First we take an example:
$$Q = \begin{bmatrix}
2 &0 \\
0 & 8
\end{bmatrix}
$$
$$
c^T = \begin{bmatrix}
-8\\
-16
\end{bmatrix}
$$
$$
A = \begin{bmatrix}
1 & 1\\
1 & 0
\end{bmatrix}
$$
$$
b = \begin{bmatrix}
5\\
3
\end{bmatrix}
$$
We use KKT conditions and now we have this linear programming problem instead.
$$A = \begin{bmatrix}
2x_1 & 0x_2 & 1u_1 & 1u_2 & -1y_1 & 0y_2 & 0v_1 & 0v_2 & 1a_1 & 0a_2 & 0a_3 & 0a_4 \\
0x_1 & 8x_2 & 1u_1 & 0u_2 & 0y_1 & -1y_2 & 0v_1 & 0v_2 & 0a_1 & 1a_2 & 0a_3 & 0a_4 \\
1x_1 & 1x_2 & 0u_1 & 0u_2 & 0y_1 & 0y_2 & 1v_1 & 0v_2 & 0a_1 & 0a_2 & 1a_3 & 0a_4 \\
1x_1 & 0x_2 & 0u_1 & 0u_2 & 0y_1 & 0y_2 & 0v_1 & 1v_2 & 0a_1 & 0a_2 & 0a_3 & 1a_4
\end{bmatrix}$$
$$b = \begin{bmatrix}
8\\
16\\
5\\
3
\end{bmatrix}
$$
And our objective function:
$$c^Tx = 0x_1 + 0x_2 + 0u_1 + 0u_2 + 0y_1 + 0y_2 + 0v_1 + 0v_2 + a_1 + a_2 + a_3 + a_4$$
Now we want to minimize
$$\begin{array}{ll} \text{minimize} & c^\top x\\ \text{subject to} & A x = b\\ & x \in \mathbb{R}^n {\geq 0}\end{array}$$
One problem is that there are more columns than rows in $A$ matrix. And this cannot be solved…i think.
Best Answer
Dual simplex can directly handle equality constraints.

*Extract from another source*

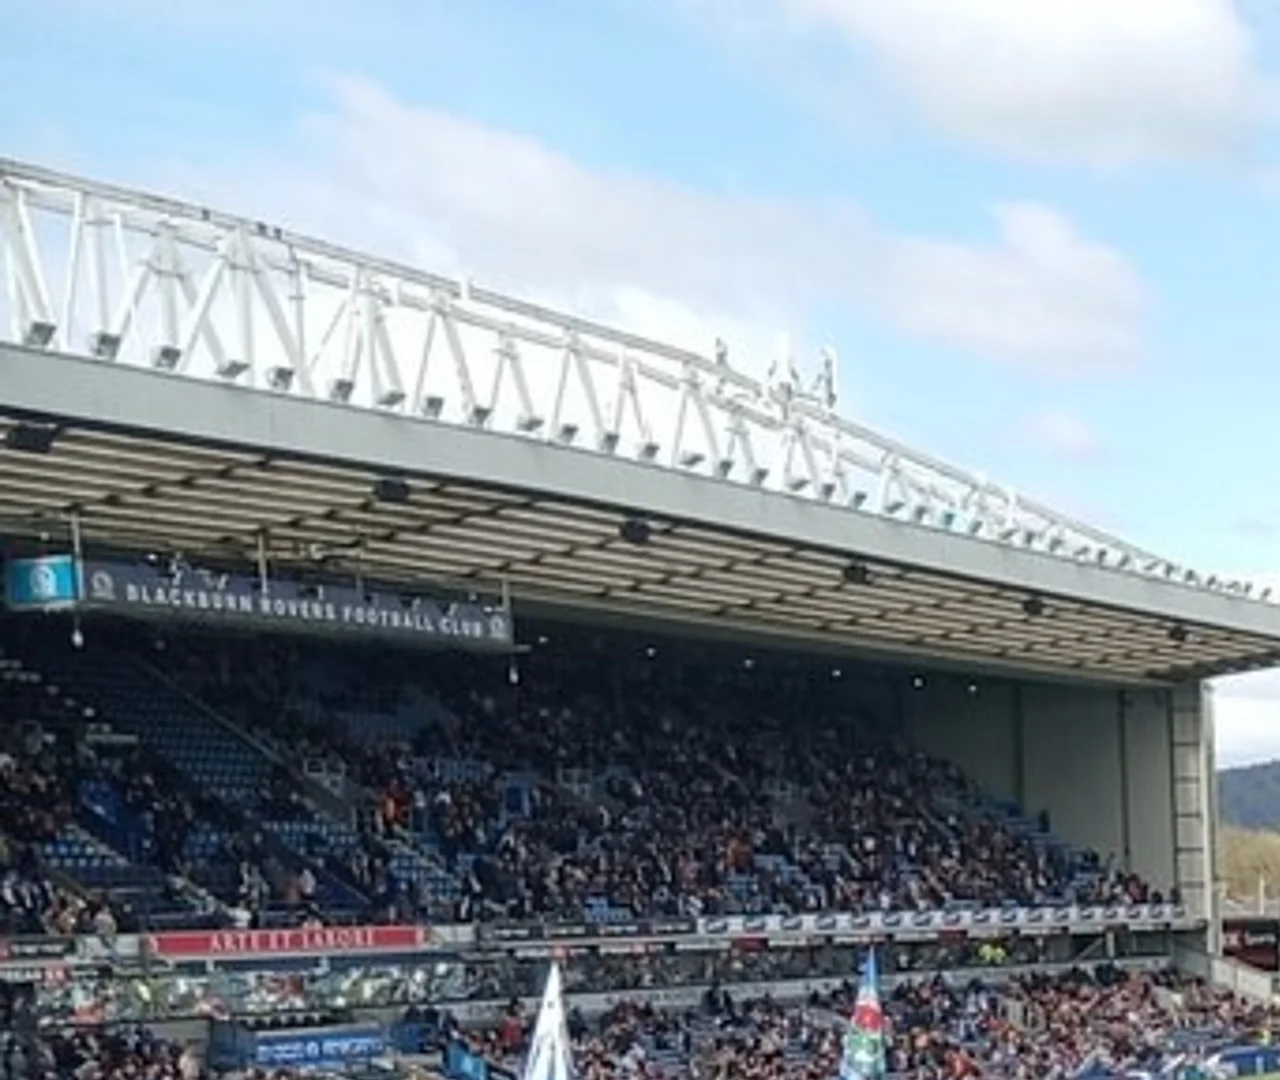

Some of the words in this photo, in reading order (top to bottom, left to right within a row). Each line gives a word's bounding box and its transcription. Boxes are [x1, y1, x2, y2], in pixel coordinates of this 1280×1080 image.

Regarding least squares, if there is a feasible solution to $Ax=b$, least squares would find one, but it will not necessarily be $\ge 0$. Also, if there are multiple feasible solutions (which is typically the case in linear programming), the least-squares solution will not necessarily minimize your linear objective function $c^T x$.